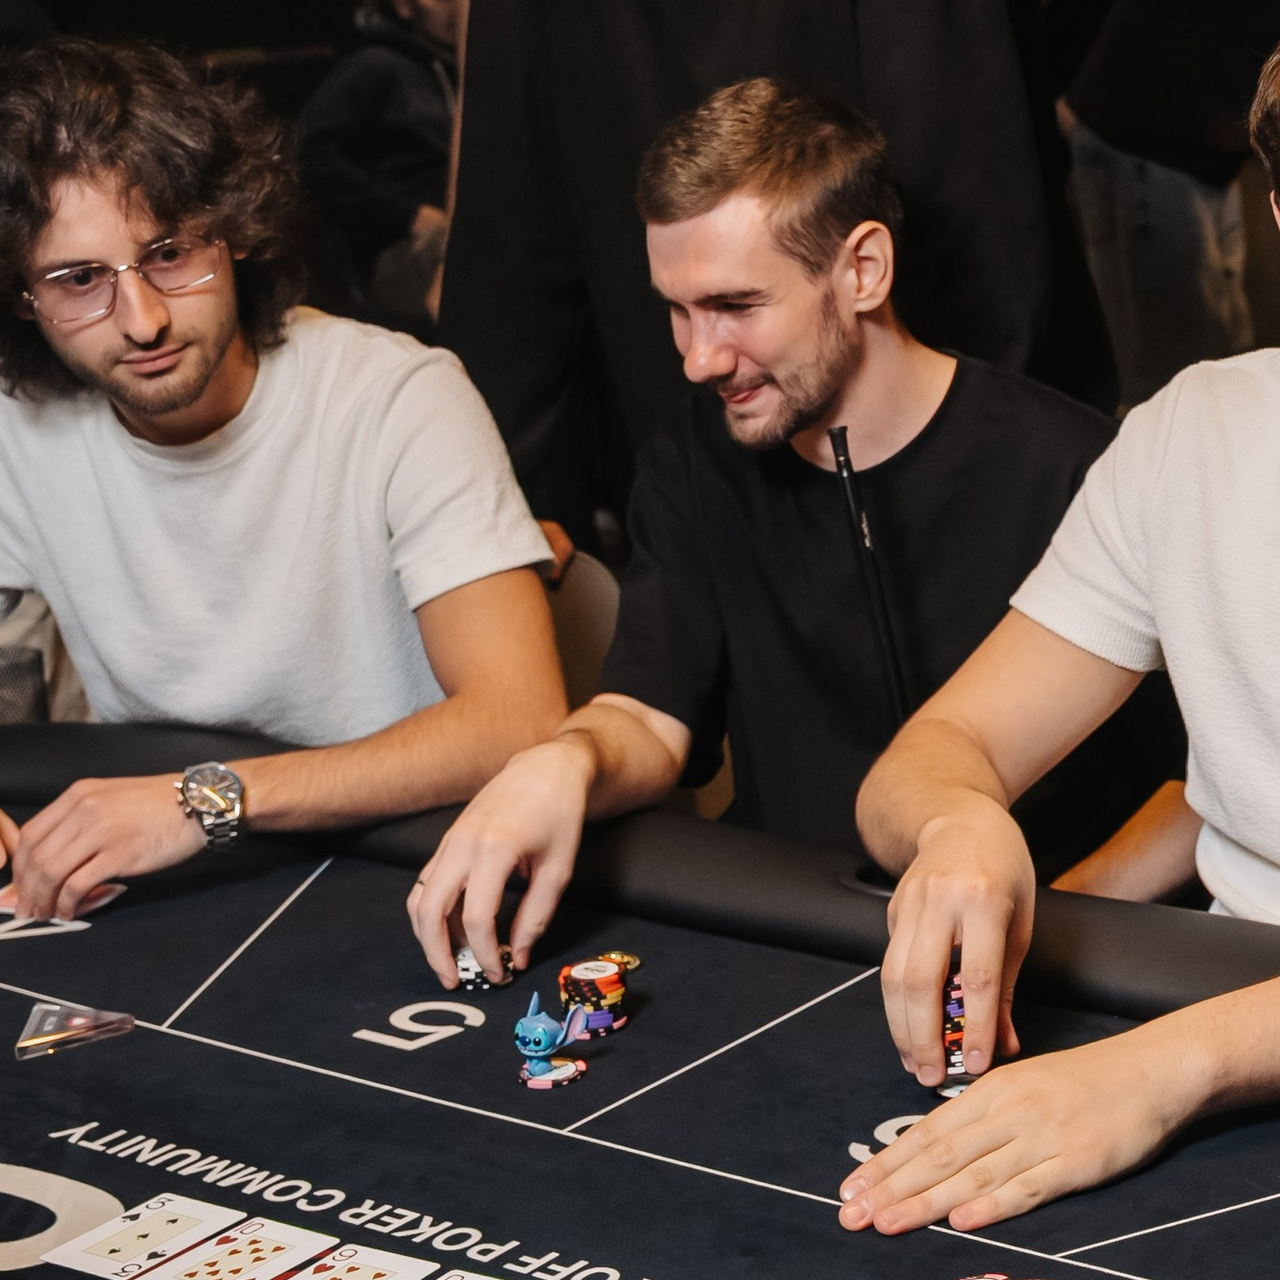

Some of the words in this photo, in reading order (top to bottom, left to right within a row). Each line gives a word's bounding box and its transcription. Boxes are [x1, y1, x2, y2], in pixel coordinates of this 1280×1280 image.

[352, 1000, 486, 1052] 5
[48, 1121, 346, 1212] COMMUNITY
[233, 1220, 265, 1235] 10
[338, 1198, 520, 1262] POKER

-- -- --

If a record above holds a picture, leave the picture out and write out everything else exactly.

**WRITTEN ANSWER:**
Some of the words in this photo, in reading order (top to bottom, left to right within a row). Each line gives a word's bounding box and its transcription. Boxes are [x1, y1, x2, y2], in pixel coordinates of this 1280×1280 image.

[352, 1000, 486, 1052] 5
[48, 1121, 346, 1212] COMMUNITY
[233, 1220, 265, 1235] 10
[338, 1198, 520, 1262] POKER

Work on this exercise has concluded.